Our daughter Alya loves to dance. Every Saturday night, she is there dressed up in front of the television ready to dance her socks off to Strictly Come Dancing. It never fails to make me smile and fills me with so much love.
Alya turns seven years old in February and in this short time has had three major heart surgeries due to a heart defect called Truncus arteriosus, which meant her heart didn’t work properly and made it difficult for her to breathe. She now has a mechanical heart valve which helps improve her heart function. As she’s still quite little you can hear it tick, like the sound the crocodile in Peter Pan makes.
We knew before Alya was born that she would need heart surgery, so we were prepared but as new parents we had no clue really what to expect. We didn’t know what it would be like being in hospital for over five weeks and our baby having a major operation. Everything was quite traumatic and we were living day to day which is why Eckersley House, run by The Sick Children’s Trust, remains such an important part of our lives as it was there for us, offering what we needed.
At this time there was just one bed on the ward where either Adam or I could sleep. However after Ayla’s surgery at just a few weeks old she was on intensive care where neither of us could stay. This is when we were told about Eckersley House by the nurses and we were given a place to stay. I had a difficult time when Alya was born and wasn’t very mobile so to have a place to go where I could get a bit of rest and there was some quiet was really needed. Not only that but we could wash our clothes and also eat a proper meal which wasn’t straight from the microwave!
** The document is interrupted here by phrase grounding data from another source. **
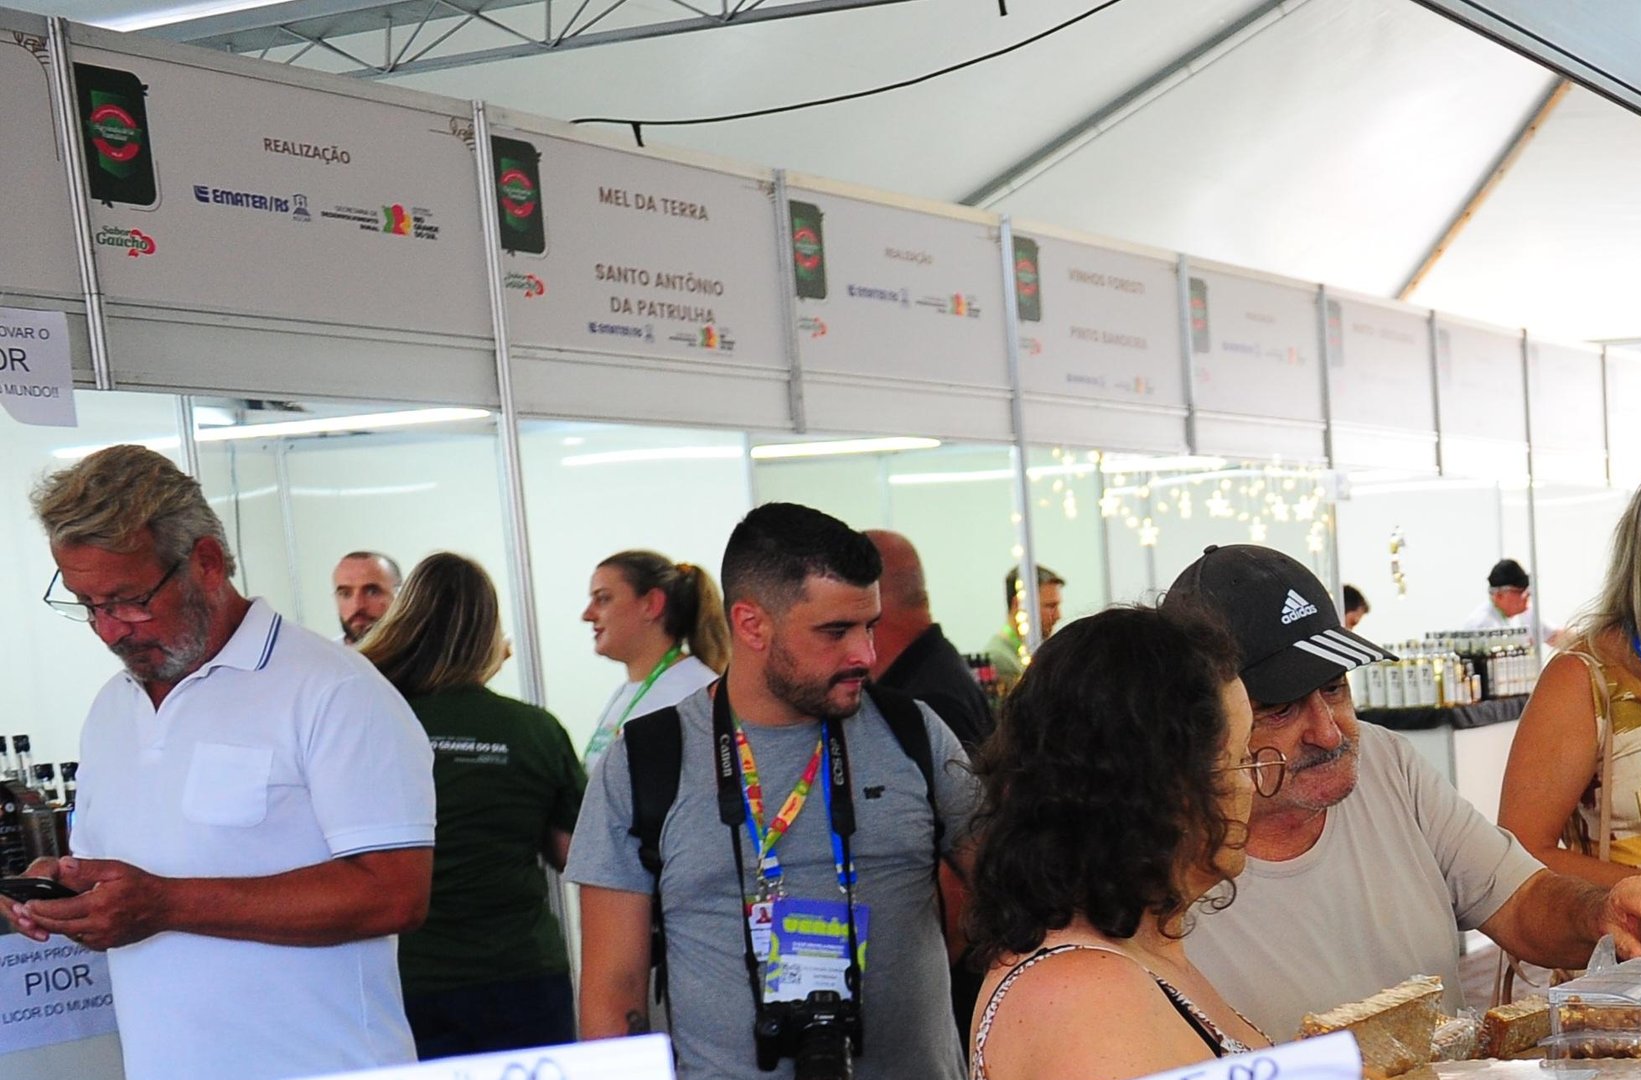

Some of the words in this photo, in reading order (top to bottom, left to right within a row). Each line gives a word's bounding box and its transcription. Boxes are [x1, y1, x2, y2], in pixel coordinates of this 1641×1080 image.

[264, 138, 350, 165] REALIZAÇÃO
[212, 189, 289, 212] EMATER/RS
[598, 187, 630, 208] MEL
[635, 194, 657, 212] DA
[661, 198, 709, 221] TERRA
[102, 225, 131, 237] Sabor
[595, 263, 650, 286] SANTO
[610, 296, 633, 314] DA
[637, 300, 716, 324] PATRULHA
[39, 328, 50, 340] O
[1281, 604, 1317, 624] adidas
[719, 733, 733, 777] Canon
[25, 964, 94, 996] PIOR
[2, 1006, 41, 1025] LICOR
[44, 1003, 64, 1017] DO
Her first surgery was a success but due to her being a baby, we knew there would be further surgeries down the line. We managed to get home for five months before Alya became ill with a chest infection and we ended up back in hospital for a month. We were supported in a room funded by the Children’s Heart Surgery Fund at this point which was a great help. The next time we came across Eckersley House was ten days later when Alya had her second heart surgery to transplant a donor heart valve. This time was really traumatic as she was in intensive care for over a week and over the course of our stay was in and out of surgery three times. We stayed at Eckersley House until she was discharged and every night Adam and I alternated between sleeping next to Alya and sleeping at Eckersley House. The hospital is noisy so after a night in Eckersley House we felt much more rested. Our parents also came to visit and Eckersley House was a space we could see them while getting the washing done and preparing some food. It’s easy in hospital to lose track of what’s going on, whether you’ve eaten and where you’ve put things. By having Eckersley House, you have a base.
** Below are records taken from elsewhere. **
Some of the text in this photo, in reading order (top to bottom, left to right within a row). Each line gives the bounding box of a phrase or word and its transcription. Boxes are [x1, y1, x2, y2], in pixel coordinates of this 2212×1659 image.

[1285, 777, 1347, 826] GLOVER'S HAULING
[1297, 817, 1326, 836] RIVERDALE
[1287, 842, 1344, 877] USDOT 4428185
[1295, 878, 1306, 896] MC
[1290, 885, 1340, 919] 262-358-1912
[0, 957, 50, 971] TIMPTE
Over the next couple of years, Alya did really well. We were in hospital only for short stays to change her feeding tube from an NG to a gastro and for MRIs. By the time she reached four years old though, it was discovered that the donor valve that Alya had received was leaking and needed replacing. Having a four year old in hospital brought a lot more challenges than having a baby in hospital as Alya had more understanding and was aware of what was going on. She also has a visual impairment so it’s important that any nurse or doctor tells her exactly what is happening before they do a procedure, such as taking her bloods. It was much more distressing for her this time around. We couldn’t really leave her side like we had done previously to go and grab a coffee which is why when we were given a place to stay at Eckersley House on this occasion it made the biggest difference to our own wellbeing.
Again, Adam and I would alternate between being on the ward and being at Eckersley House at nighttime. It was an exhausting ten days so being able to go to Eckersley House to have a shower, sit in a private room and have a cup of tea in bed helped us to restore ourselves and enjoy some down time – even if that was just 20 minutes as it helped us to sort our own thoughts out.
Alya knows about her heart and the special valve she has and deals with everything very well. We talk about any of her worries and answer any questions to reassure her. Alya will need more heart surgery because she will grow out of the valve she currently has, but knowing there is a place to stay that is close to her side so she doesn’t have to go through this alone is a huge comfort.
We recently took part in The Sick Children’s Trust’s online Auction House and won a bid for a virtual dance class with Anton Du Beke. Alya is a huge fan and this surprise is certain to blow her mind. We will organise it for when the time is right. I can’t wait to see her reaction and am so glad we can give her this gift while knowing the money is going to support another family like ours at a time when it is needed the most.
Your child being is hospital is traumatic but can be made easier with help from The Sick Children’s Trust and as a family we want to do whatever we can to help raise awareness of this incredible service.